24    The Court’s attention was drawn to Ahmad in which the Full Court of the Federal Court considered the meaning of s 338(2)(d) of the Migration Act and found:

(1)    at [90], that s 338(2)(d)(i) of the Migration Act could be satisfied if a visa applicant was identified in a nomination under s140 GB(1) which was yet to be determined at the time of the making of an application for review to the Tribunal; and

(2)    at [99]-[101], that s 338(2)(d)(ii) of the Migration Act could be satisfied where a decision not to approve the sponsor had been made and was pending review at the time of the application to review the decision to refuse the grant to grant the visa was made their Honours found that the expression “decision not to approve the sponsor in that provision included both approval of the sponsor and approval of the nomination, so that where a review of a nomination refusal was pending, the Tribunal would also have jurisdiction.

25    However, neither of the circumstances identified by the Full Court in Ahmed existed in this case. At the time the application for review was lodged, Zak Form Work was not approved as a standard business sponsor. While Green Formwork was an approved sponsor, the appellant was not the subject of a nomination, either pending or approved, made by Green Formwork. This was confirmed by the ICSE records annexed to the affidavit that was before the primary judge. Those records did not indicate any other nomination in respect of the appellant at any relevant time.

26    There was no suggestion by the appellant that there was a pending review application filed by Zak Form Work in respect of either the decision to refuse the nomination application or to refuse this application for approval as a standard business sponsor. Thus at the time that the appellant lodged the application for review in the Tribunal, he was plainly not identified in a nomination, either determined or pending, and neither was there a pending review of the decision to refuse either a nomination in respect of the appellant or decision to refuse his employer approval as a standard business sponsor.

27    In the circumstances, the Tribunal had no discretion to conclude anything other than that it lacked jurisdiction, and the primary judge was therefore plainly correct to dismiss the appellant’s application for review.

28    I consider that the submissions made on behalf of the Minister are unassailably correct.

29    For completeness I should refer briefly to the submissions furnished at the hearing by the appellant.

30    In substance, the appellant renews his complaints about the notification processes that took place.

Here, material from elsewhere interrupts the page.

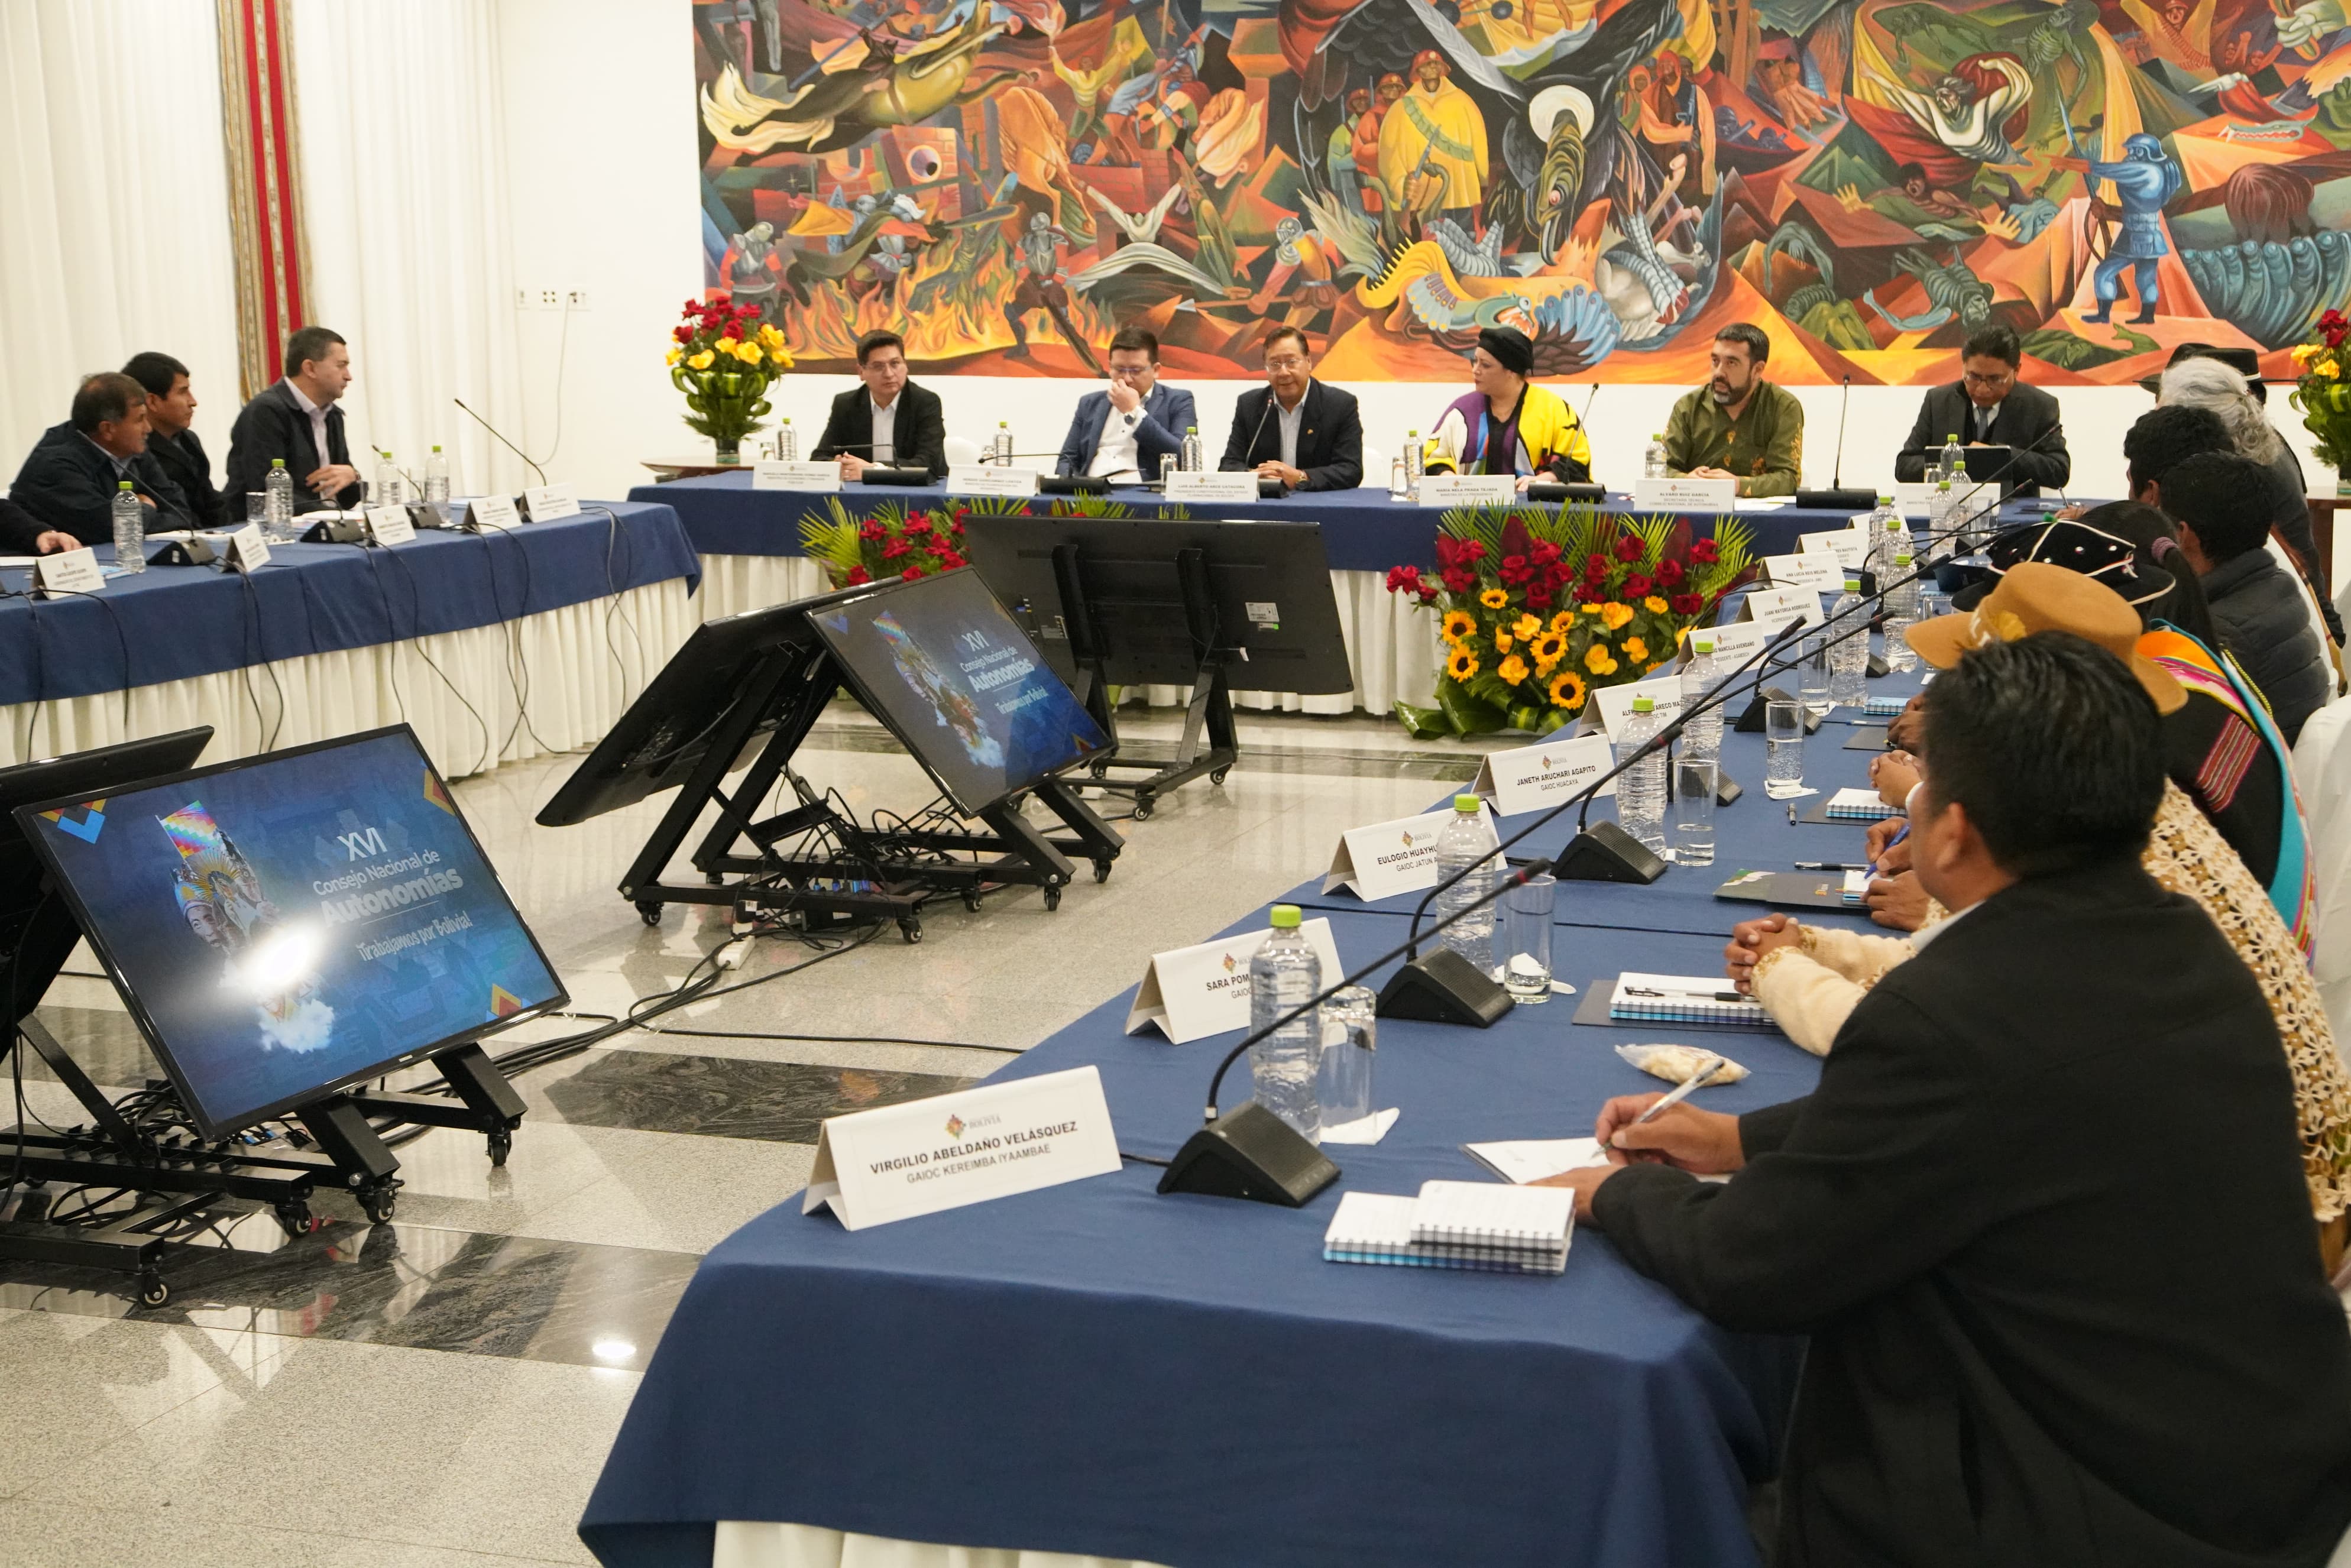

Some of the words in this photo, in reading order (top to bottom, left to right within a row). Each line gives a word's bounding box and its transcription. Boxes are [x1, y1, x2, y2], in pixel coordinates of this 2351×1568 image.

31    In relation to Zak Form Work however, it can only be concluded that the company was indeed notified of the adverse decision on its sponsorship approval application because it sought, unsuccessfully, a review of that decision by a differently constituted Tribunal. The appellant asserts without any evidence, and contrary to the records and evidence before the Tribunal and the primary judge, and the additional evidence before the primary judge that the Tribunal did have jurisdiction and that he was denied procedural fairness because he was not asked to comment on the information. However none of these matters raised by the appellant address the fundamental and insurmountable problem that his appeal faces.

32    It is plain that, on the material that was before the Tribunal and subsequently confirmed before the primary judge, the necessary nomination or sponsorship in relation to the appellant was absent and accordingly the Tribunal did not have jurisdiction. The Tribunal could not properly reach any other conclusion. It follows that the primary judge was correct in those circumstances to uphold the Tribunal’s decision and to dismiss the application for review. For the same reasons, this appeal must fail.

33    The appeal must therefore be dismissed with costs.

I certify that the preceding thirty-three (33) numbered paragraphs are a true copy of the Reasons for Judgment herein of the Honourable Justice Bromwich.